NM: Did you feel that pressure from your parents?
SA:
Absolutely, I did. It took a long time for them to accept my career choice. I am still shaped by that pressure and often reevaluate my career choices. I still ask myself, “Was it worth it?” Most of the time, I think it's my parents speaking when I do. Working as a freelance cultural worker is difficult though, so you're bound to ask those questions. But I think it's good to reevaluate. I try to do that every year. “Are you still happy with it? Do you still feel like you made the right choice? What is the reason? Is it for yourself? Is it for someone else?” If you can find the right answers, or if the answers come easy, you can rest assured.

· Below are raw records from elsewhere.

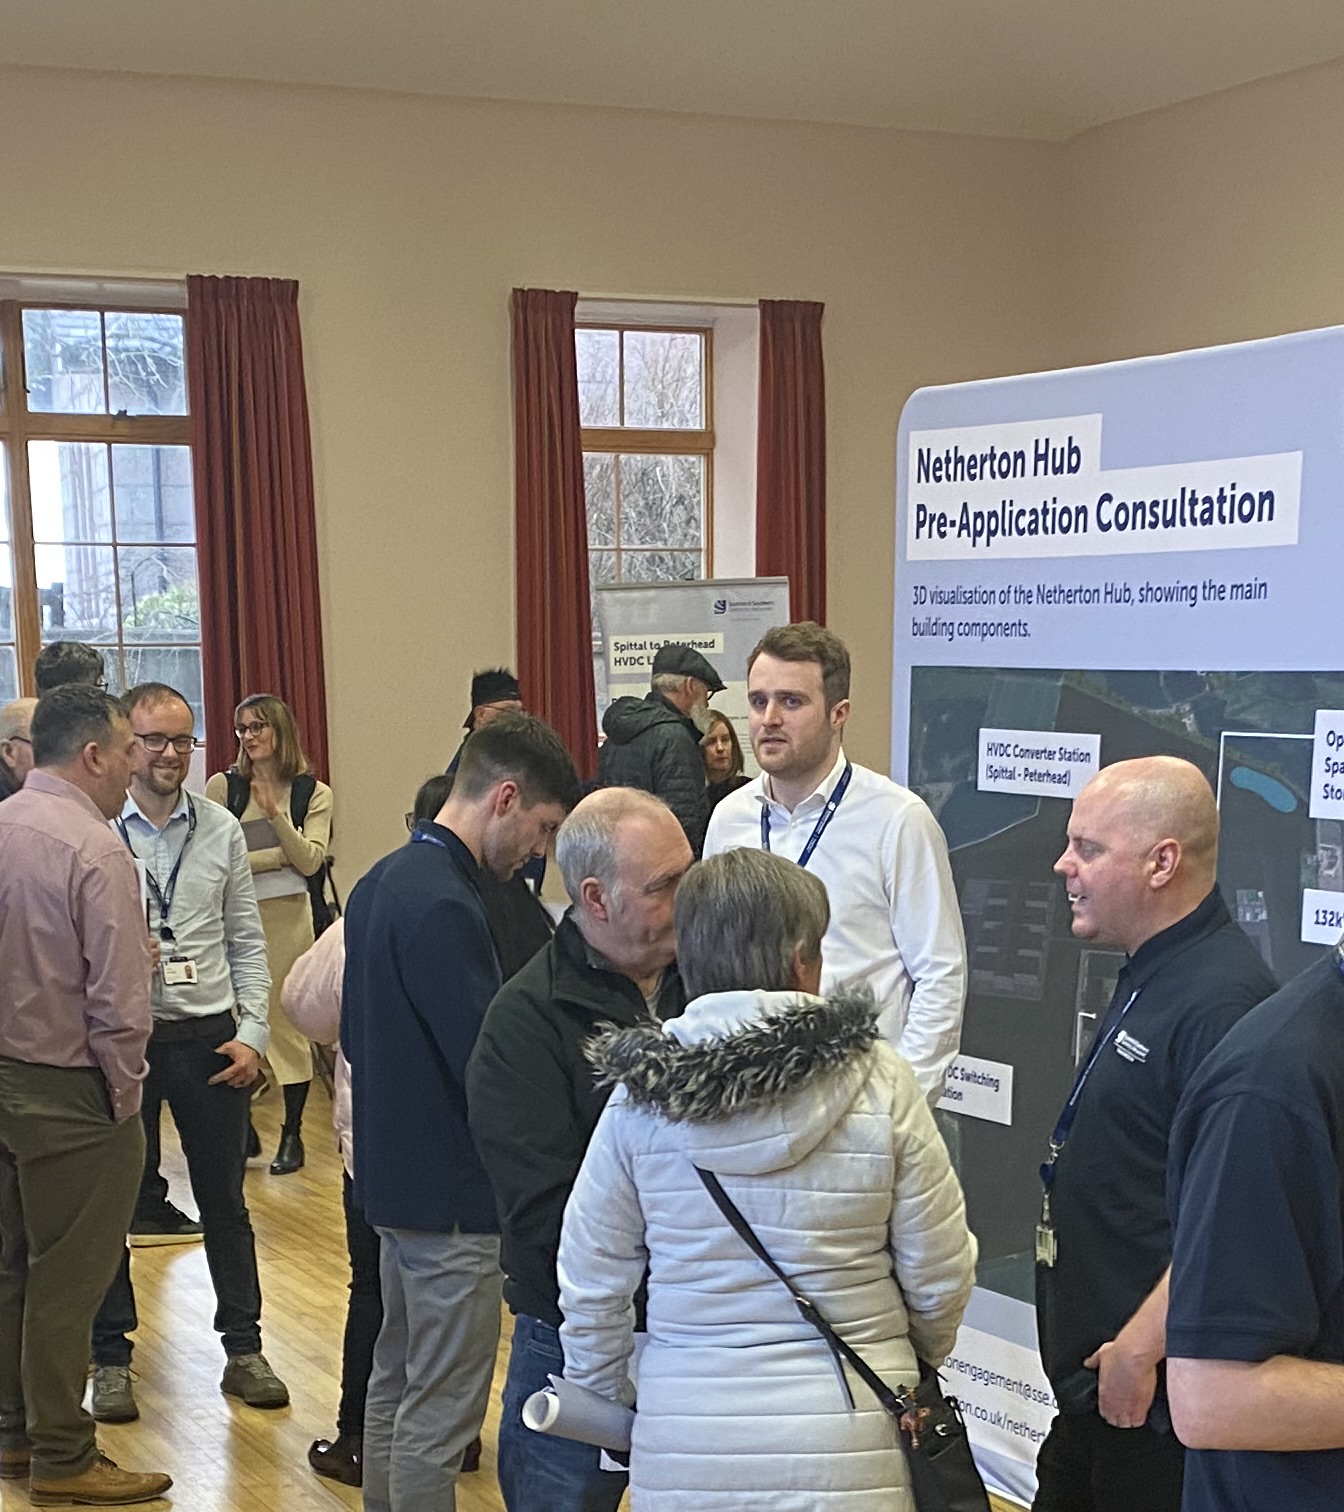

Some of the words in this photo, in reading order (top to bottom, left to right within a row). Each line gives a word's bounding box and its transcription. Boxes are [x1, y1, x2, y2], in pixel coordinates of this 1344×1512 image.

[916, 446, 1026, 484] Netherton
[1033, 436, 1082, 477] Hub
[915, 497, 1088, 548] Pre-Application
[1096, 482, 1275, 532] Consultation
[912, 585, 927, 605] 3D
[929, 584, 996, 605] visualisation
[999, 585, 1013, 605] of
[1013, 584, 1034, 605] the
[1036, 583, 1100, 605] Netherton
[1104, 582, 1134, 606] Hub,
[1138, 579, 1198, 607] showing
[1202, 578, 1226, 601] the
[1229, 577, 1268, 600] main
[911, 617, 955, 642] building
[957, 619, 1031, 642] components.
[613, 640, 648, 653] Spittal
[650, 642, 661, 650] to
[614, 656, 645, 666] HVDC
[986, 742, 1011, 758] HVDC
[1013, 744, 1056, 762] Converter
[1058, 747, 1091, 764] Station
[985, 765, 1016, 784] (Spittal
[1023, 767, 1071, 787] Peterhead)
[947, 1065, 958, 1079] DC
[960, 1068, 1000, 1092] Switching
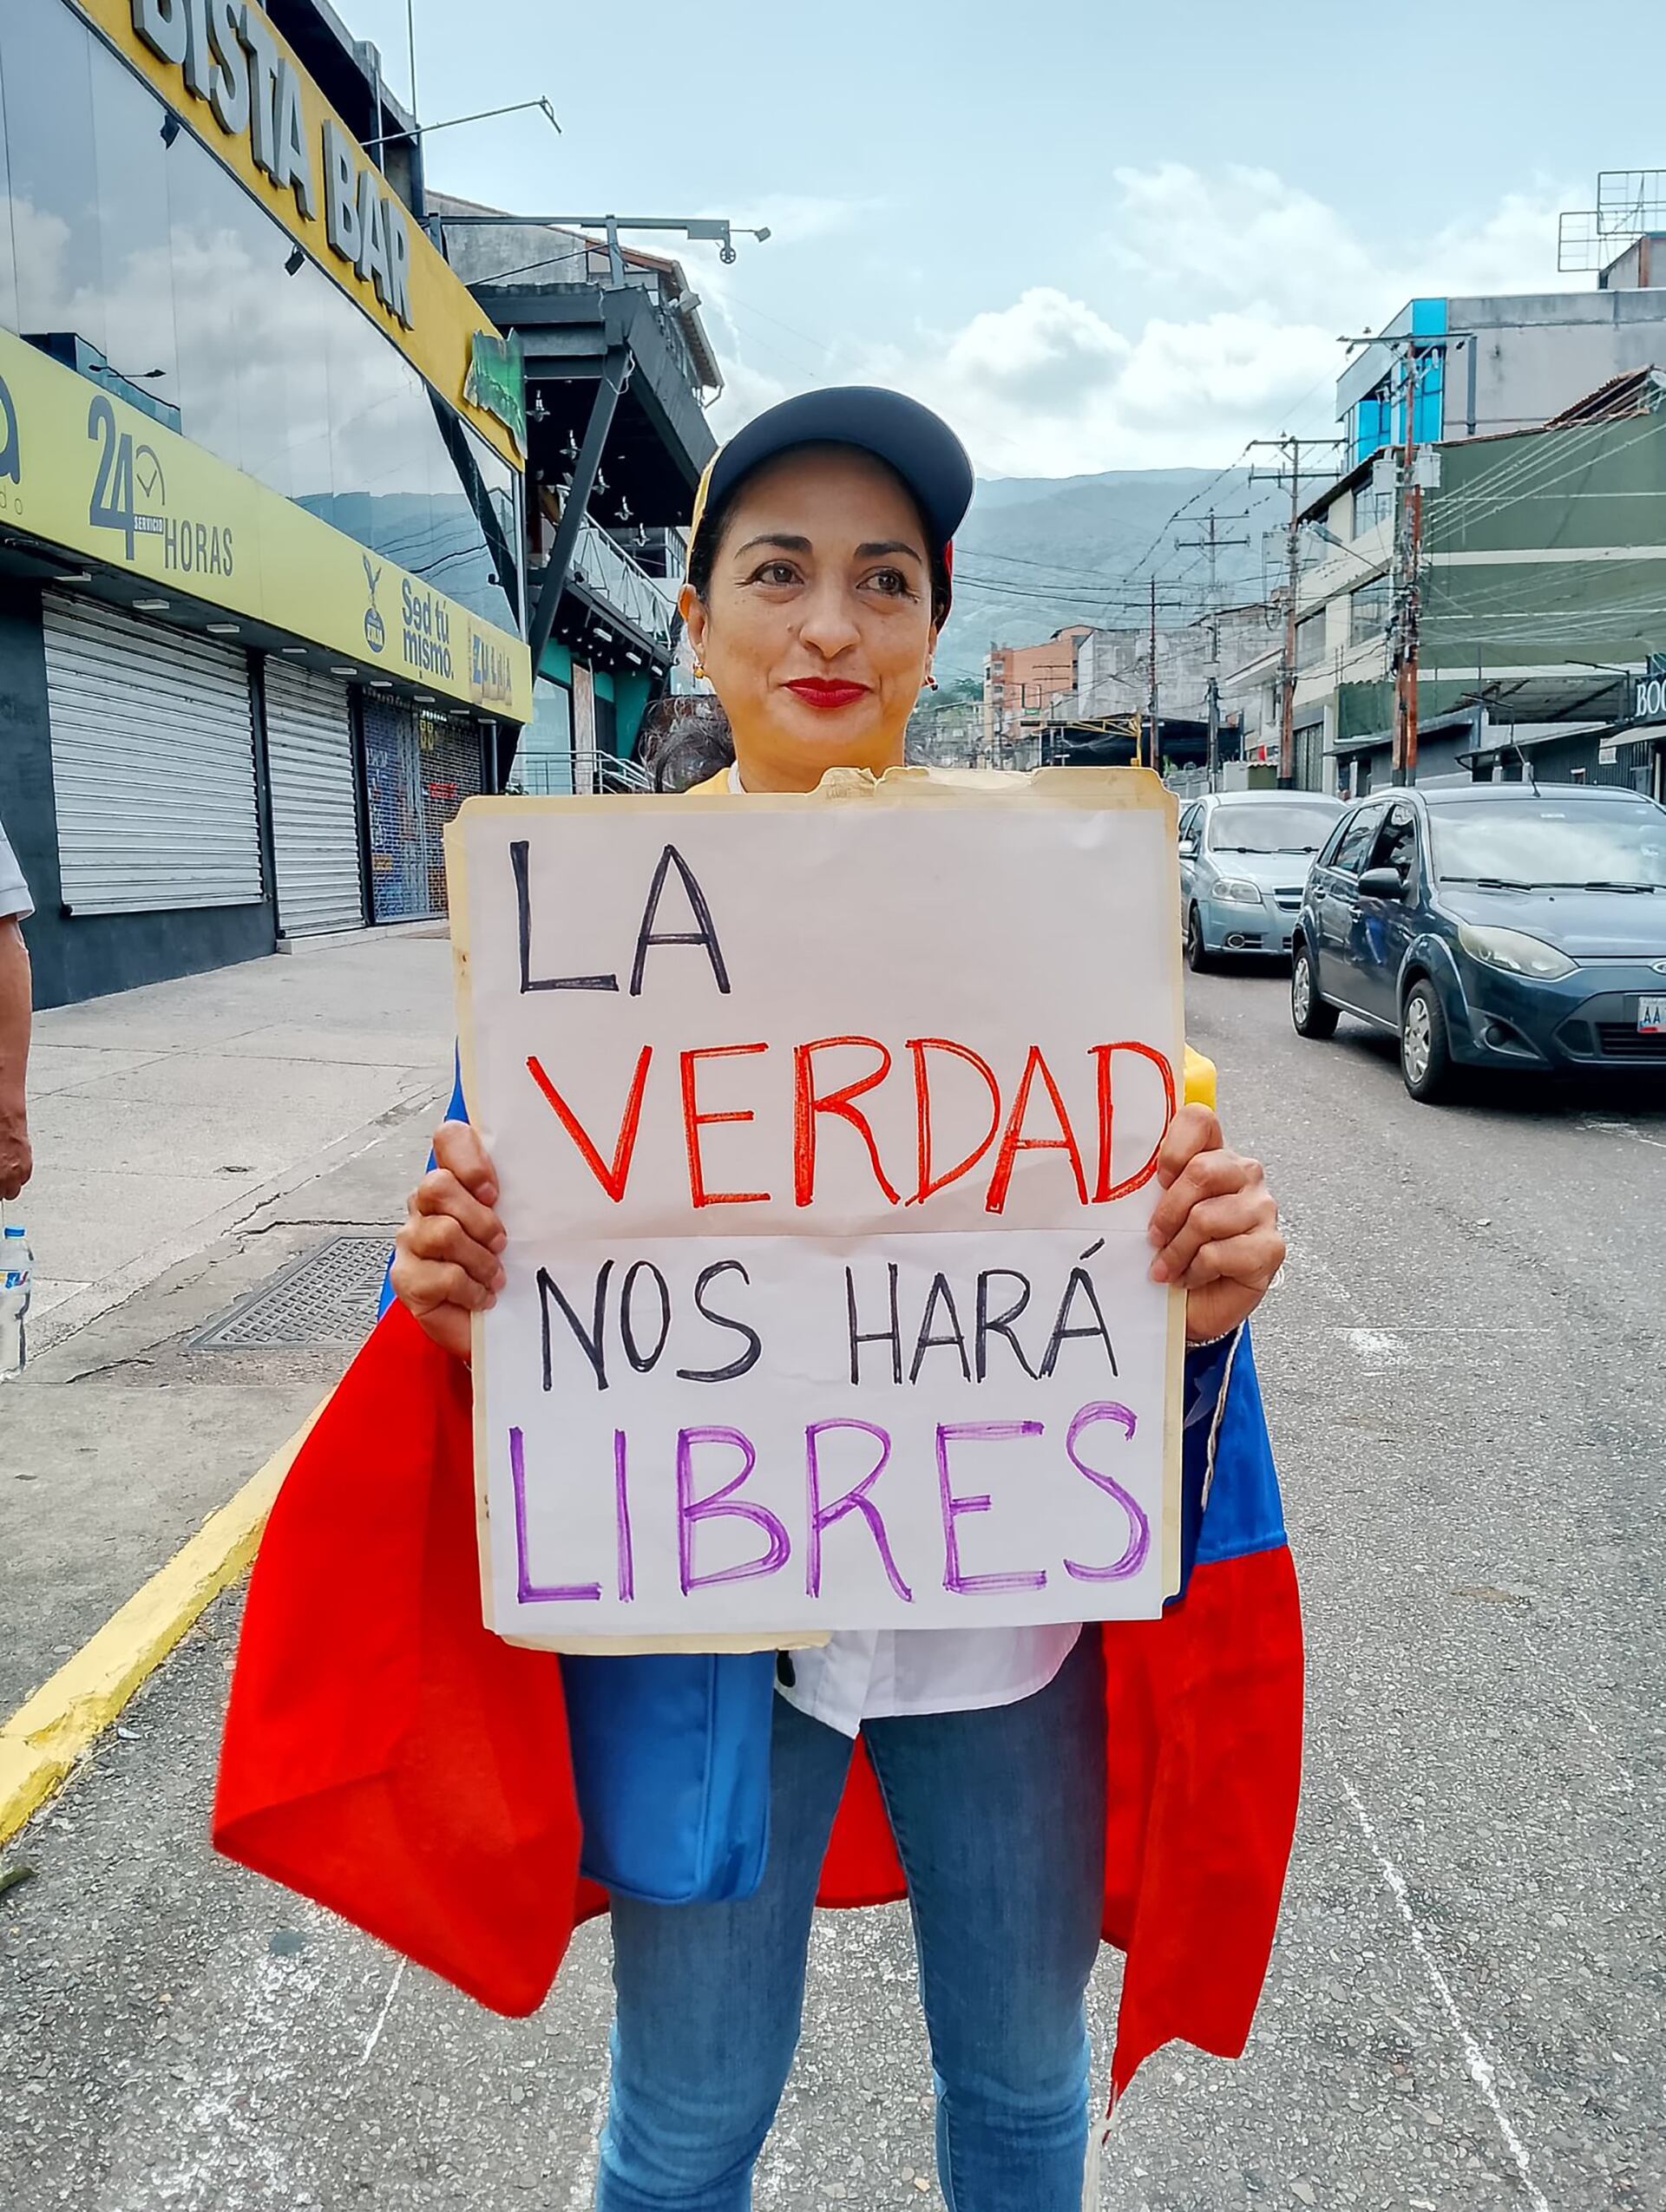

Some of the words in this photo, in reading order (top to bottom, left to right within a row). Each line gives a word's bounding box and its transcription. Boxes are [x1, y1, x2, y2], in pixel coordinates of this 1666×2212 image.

[322, 118, 415, 331] BAR
[89, 396, 134, 560] 24
[134, 515, 163, 533] SERVICIO
[165, 518, 233, 577] HORAS
[510, 841, 731, 997] LA
[527, 1037, 1177, 1214] VERDAD
[536, 1260, 761, 1391] NOS
[846, 1239, 1119, 1385] HARÁ
[509, 1401, 1151, 1604] LIBRES
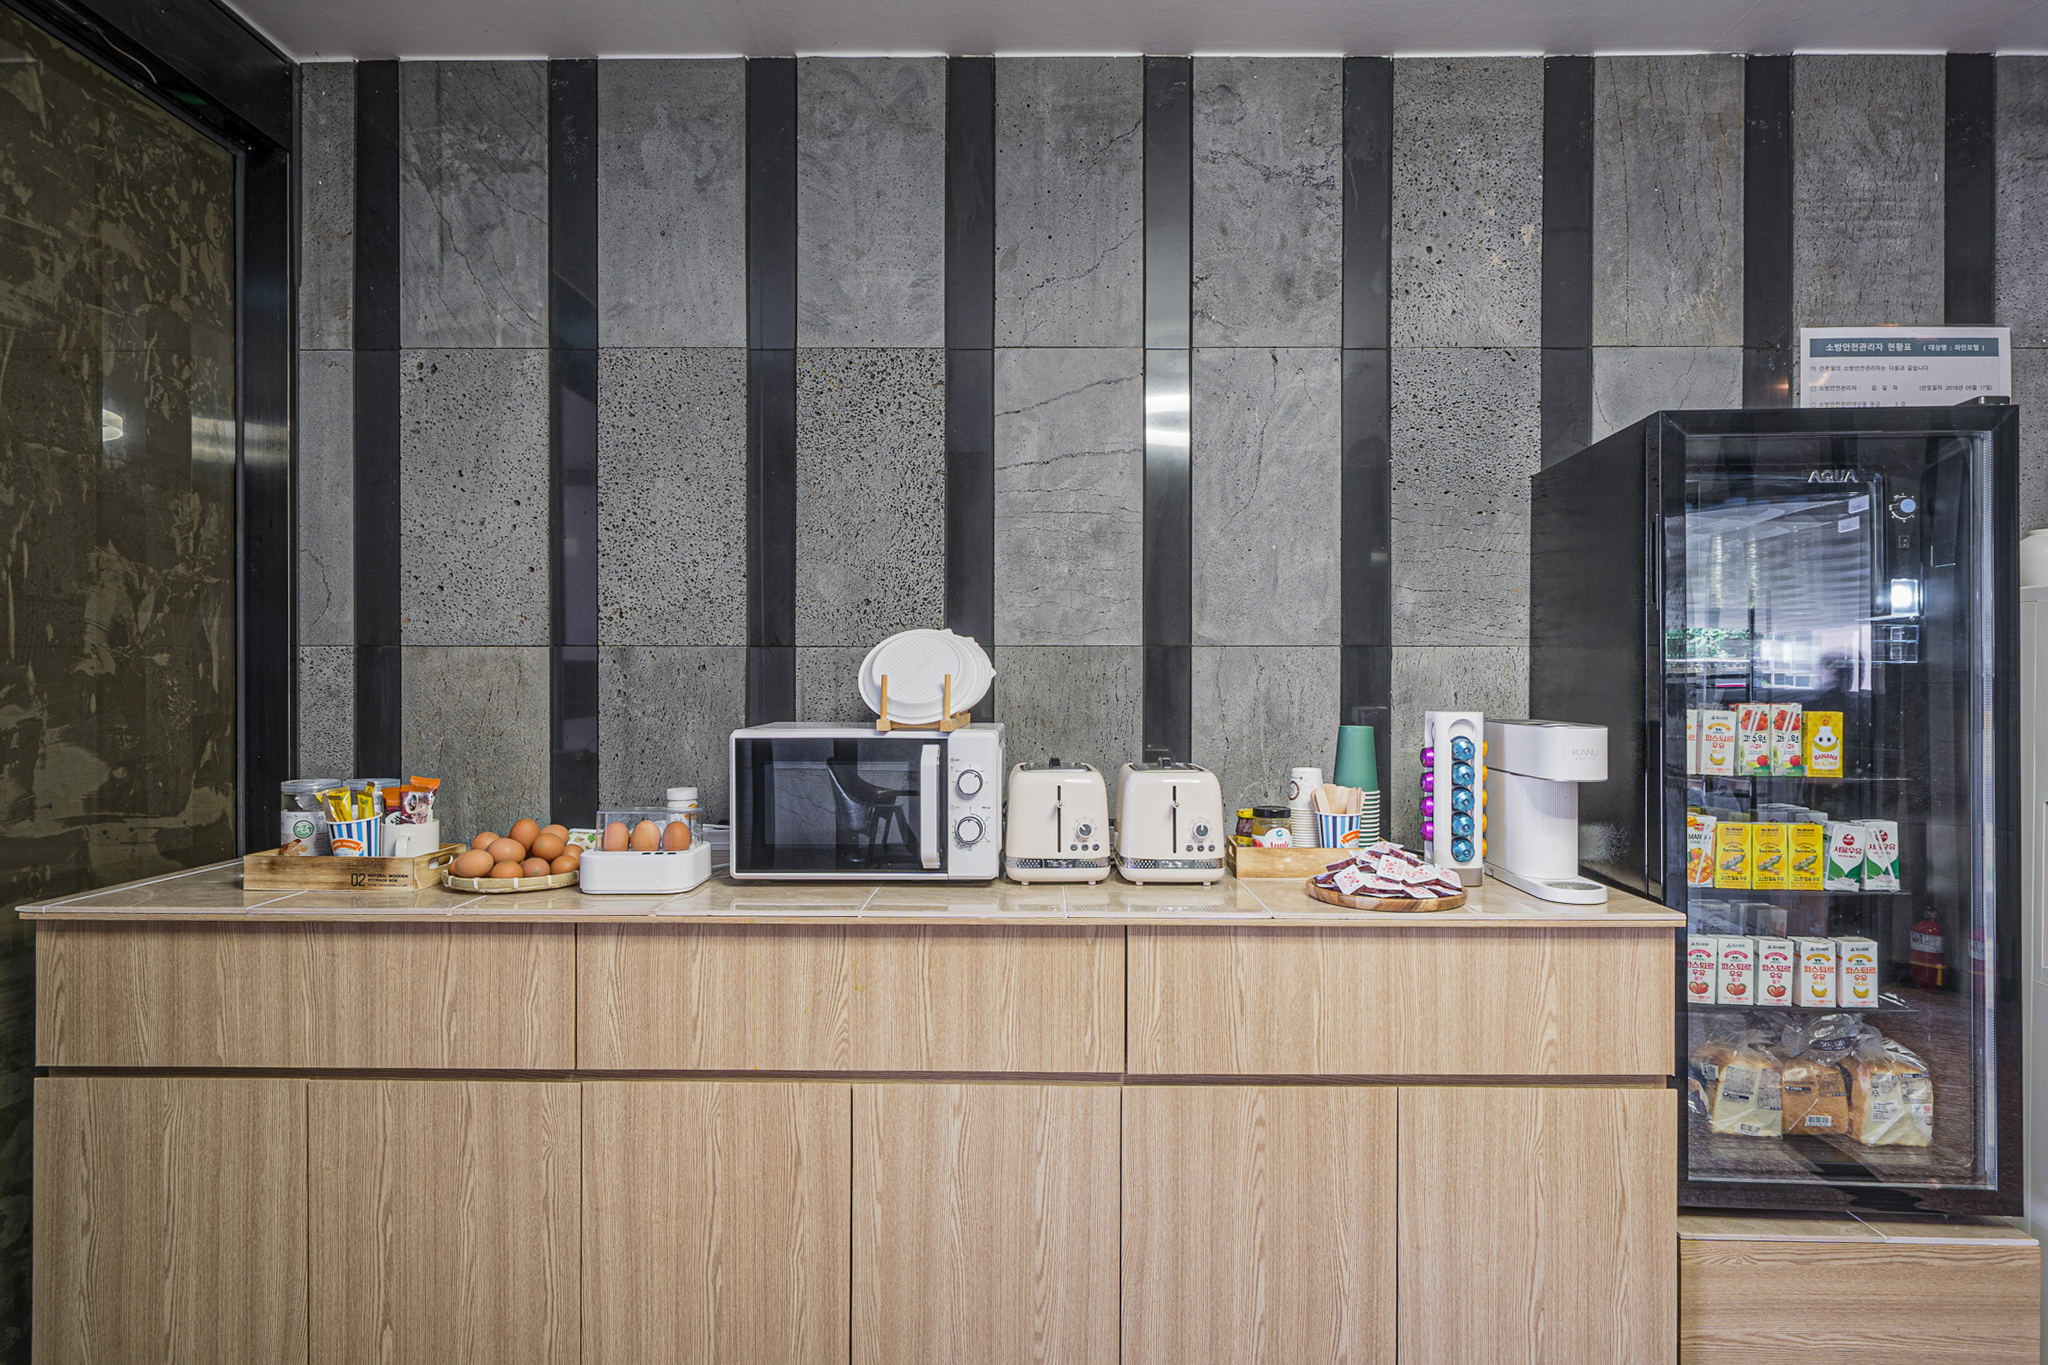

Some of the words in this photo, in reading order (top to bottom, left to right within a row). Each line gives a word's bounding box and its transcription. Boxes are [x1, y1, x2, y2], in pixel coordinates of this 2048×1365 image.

NM: Do you meditate or have any rituals for when you have these dialogues with yourself?
SA:
I wish I meditated more. It's something I feel I could benefit from, but I rarely find the time. However, I have an ongoing inner conversation with myself, I try to go to therapy regularly, and I visit this amazing chiropractor and naprapath who works holistically. These sessions have a profound impact on me and last for weeks. Even though our dialogues are short and focused on his work, they are very meaningful and stay on my mind. I've come to understand that I need to do this thing regularly. I need both my back and neck cracked, and I also need to crack my mind sometimes.

NM: What would you hope the listeners of Big Anonymous are left with, maybe a feeling or an impression?
SA:
I want to take the listeners to where unspoken thoughts are being led out. I believe so much in the cathartic moment, but it does not mean I want to make people sad. I want them to feel like they went to a place where they started reflecting, came out and felt set free somehow, also appreciating the time we're here. It might sound cliché, but that's what it did to me. I never set out to write anything with the listener in mind. However, now that I've been touring and talking to people after my shows, many have told me they cried listening during the show and I'm happy they were in this kind of tumble dryer somehow, and in the end, it helped them understand something. I'm really opposed to how our time has become so heavily entertainment-focused, and that's also why I wanted to make this album. If we only focus on being entertained, we're in a really scary place. We'll become detached from ourselves and this world.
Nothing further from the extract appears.